The problem: Could you set down the listing below exactly and omit its images?

Given records:
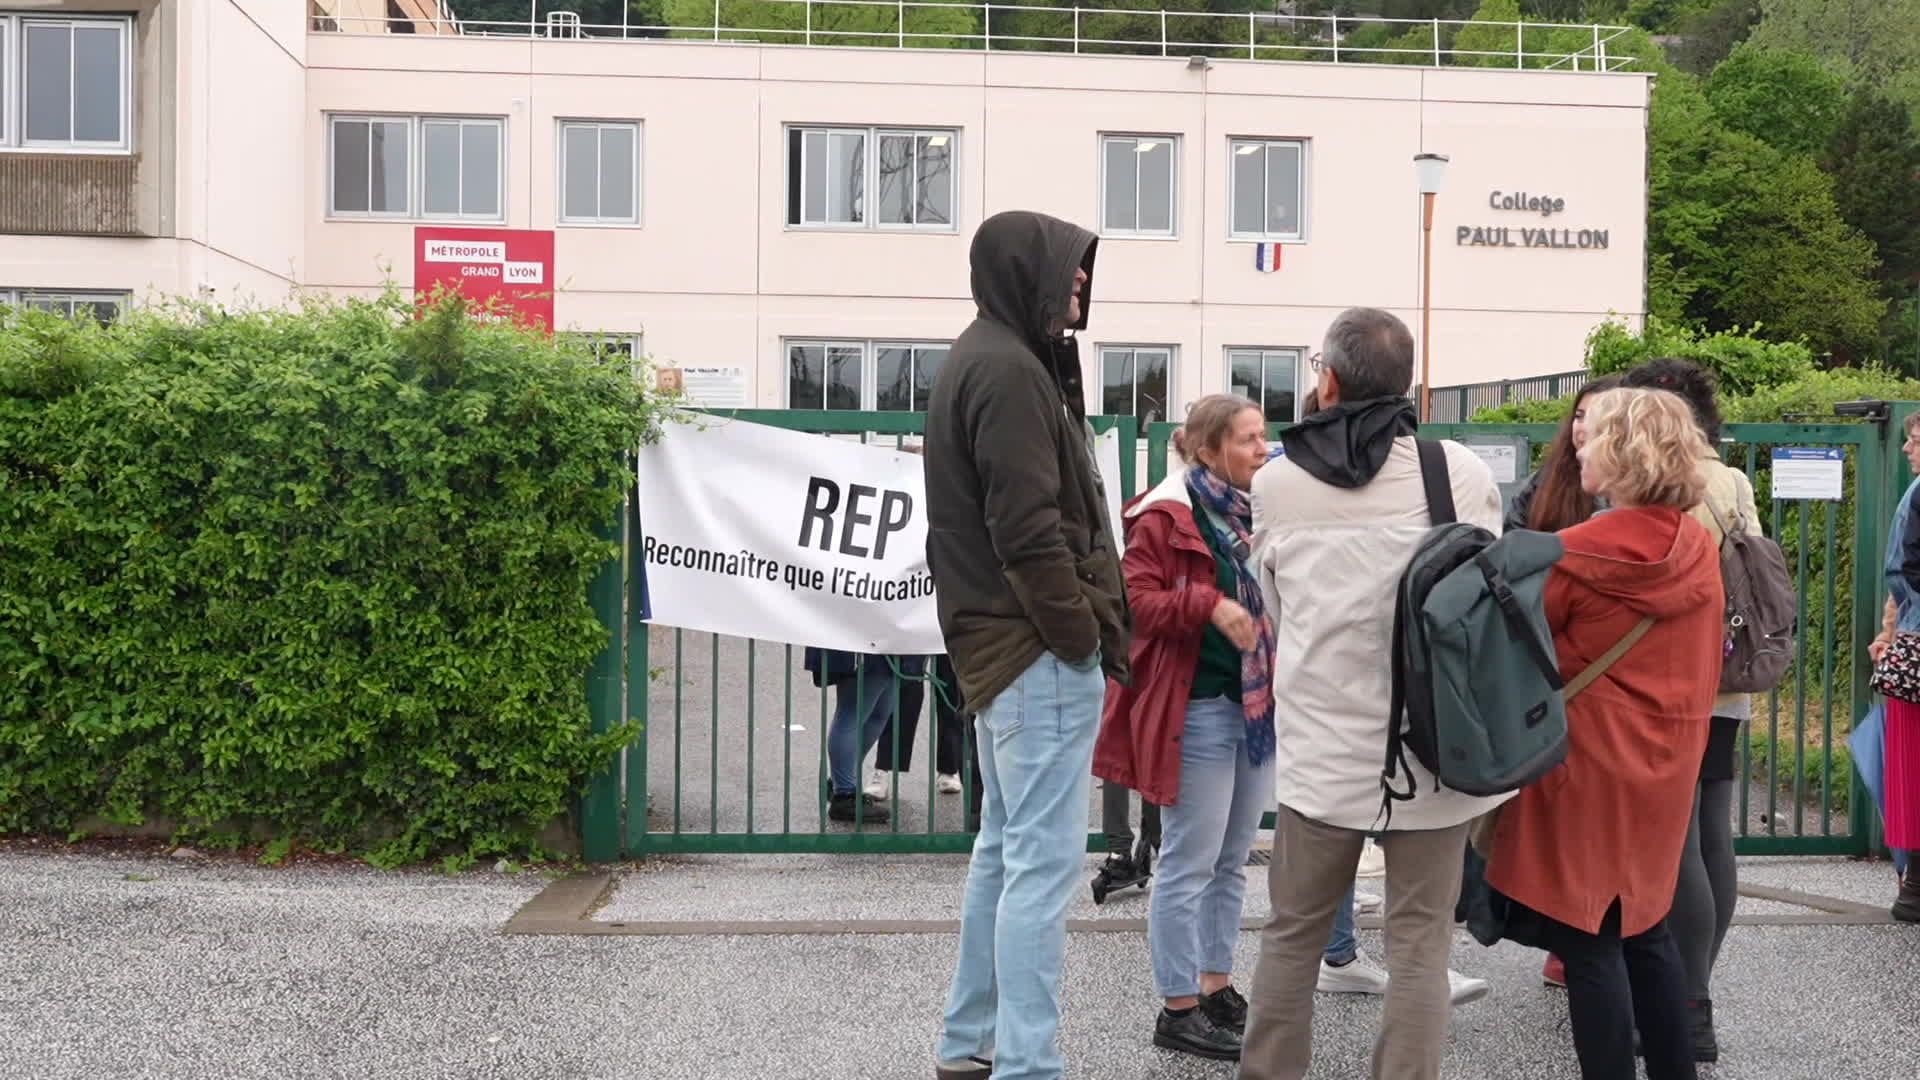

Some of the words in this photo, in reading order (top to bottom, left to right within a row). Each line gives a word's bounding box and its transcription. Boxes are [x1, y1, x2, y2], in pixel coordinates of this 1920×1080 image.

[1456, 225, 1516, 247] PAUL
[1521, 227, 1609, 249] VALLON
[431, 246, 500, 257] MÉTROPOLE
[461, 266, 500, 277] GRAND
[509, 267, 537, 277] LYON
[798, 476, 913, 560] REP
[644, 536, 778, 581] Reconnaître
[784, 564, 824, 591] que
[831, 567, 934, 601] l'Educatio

Your solution:
Some of the words in this photo, in reading order (top to bottom, left to right within a row). Each line gives a word's bounding box and its transcription. Boxes are [x1, y1, x2, y2], in pixel coordinates of this 1920×1080 image.

[1456, 225, 1516, 247] PAUL
[1521, 227, 1609, 249] VALLON
[431, 246, 500, 257] MÉTROPOLE
[461, 266, 500, 277] GRAND
[509, 267, 537, 277] LYON
[798, 476, 913, 560] REP
[644, 536, 778, 581] Reconnaître
[784, 564, 824, 591] que
[831, 567, 934, 601] l'Educatio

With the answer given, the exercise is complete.